It is unlikely, I think, that we reach four degrees this century. But this is what it would take to stay under two: a comprehensively decarbonized economy, a perfectly renewable energy system, a reimagined system of agriculture, perhaps even a planet without meat-eaters. We also need overhauls of the world’s transportation systems and infrastructure. Every year the average American emits enough carbon to melt 10,000 tons of ice in the Antarctic ice sheets — enough to add 10,000 cubic meters of water to the ocean. Every minute, we each add five gallons.

If the task of reversing all that seems incomprehensibly big, it is. The scale of the technological transformation required dwarfs every technological revolution ever engineered in human history, including electricity and telecommunications and even the invention of agriculture 10,000 years ago. By definition, it dwarfs them, because it contains all of them — every single sector needs to be rebuilt from the foundation, since every single one breathes on carbon like it’s a ventilator. In October, the U.N.’s Intergovernmental Panel on Climate Change warned that the world has only a dozen years to halve its carbon emissions to safely avoid two degrees of warming and all those “catastrophic” impacts.

Is it possible? The short answer is, technically speaking, maybe — though just maybe. But speaking practically, and politically, is another matter.

Let’s consider the tools at hand. First: a carbon tax. The very same day the IPCC released its “Doomsday” report, the Nobel Prize in economics was awarded to William Nordhaus, who pioneered the economic study of climate change and is known today primarily for having championed the idea of carbon pricing. The premise is simple: Legislate a high enough cost on the stuff and the market will respond by producing less, then eventually none, of it. It is also an appealing proposition to those who don’t want to see the economy truly upended; to those who trust that market forces will deliver the outcomes they are predicted to; to those who believe that the world would trust action on climate only if it came for free or, better yet, with economic benefits; and to those who believe that action would otherwise involve, invariably, a trade-off — that climate action of any meaningful scale would be expensive, probably too expensive for any growth-minded country to countenance.

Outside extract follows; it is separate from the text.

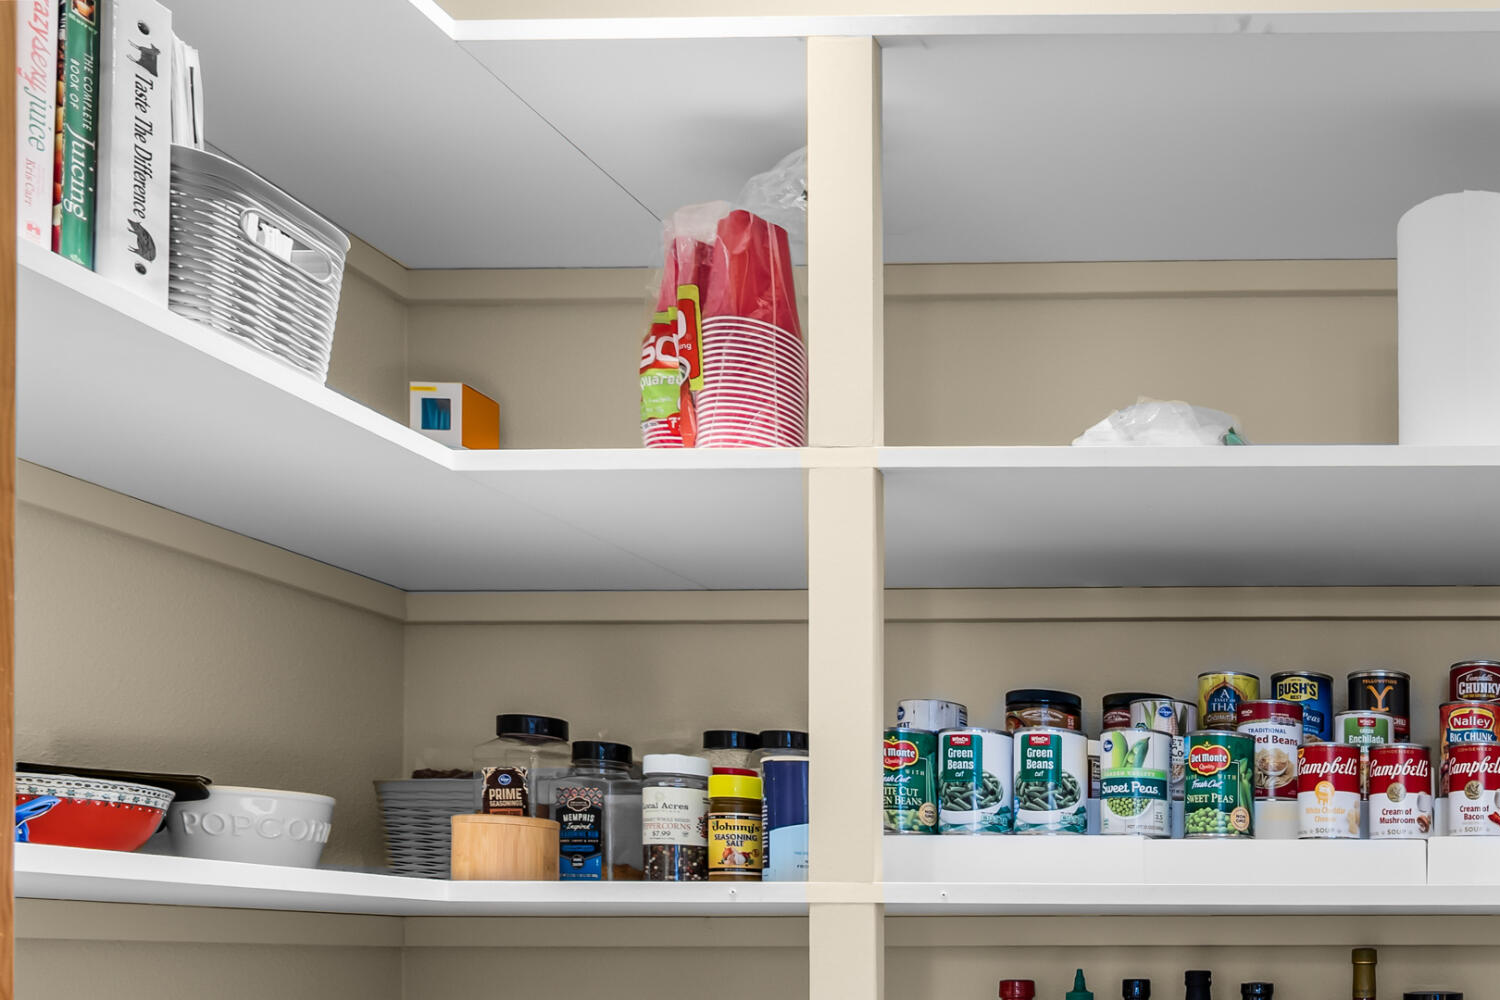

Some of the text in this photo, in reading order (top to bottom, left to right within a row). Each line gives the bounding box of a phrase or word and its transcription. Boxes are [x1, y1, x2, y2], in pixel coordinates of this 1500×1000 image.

Over the past several years, there has been a raft of papers showing that the intuitive terms of that bargain are backward: Faster action on climate will save or gain the world enormous amounts of money ($26 trillion in potential growth by just 2030, according to one estimate; those $600 trillion in damages avoided by the end of the century, according to another). But the labor involved in such a transformation makes it seem burdensome anyway, and so the hope of the market solving the problem on its own — with the help of just a little incentive-setting — has prevailed, at least among a certain set.

In January, 45 economists described by Bloomberg as both “an all-star lineup” and the world’s “economic brain trust” united behind the cause of a gradually increasing carbon tax, though they did not name their starting price, which is a crucial variable. For his part, Nordhaus has identified pricing for an “optimal” scenario: between $35 and $229 per ton of CO2, a tax that, by his own estimate, could result in 3.5 degrees Celsius of warming by 2100. That is 1.5 degrees warmer than that island-nation “genocide.”

A carbon tax is hypothetical for Americans, which may be one reason they tend to be optimistic about it. But there are already, today, many places with existing carbon pricing — South Korea, Japan, the E.U. None of their emissions are declining fast enough to meet a goal of two degrees, according to the carbon-watchdog site Climate Action Tracker. It is conceivable, even probable, that at much higher levels of taxation, the impact would be clearer. But as Jay Inslee, the governor of bright-green Washington State, which tried and failed to enact such a tax in 2018, recently put it, “To actually get carbon savings, you have to jack up the price so high that it becomes politically untenable.”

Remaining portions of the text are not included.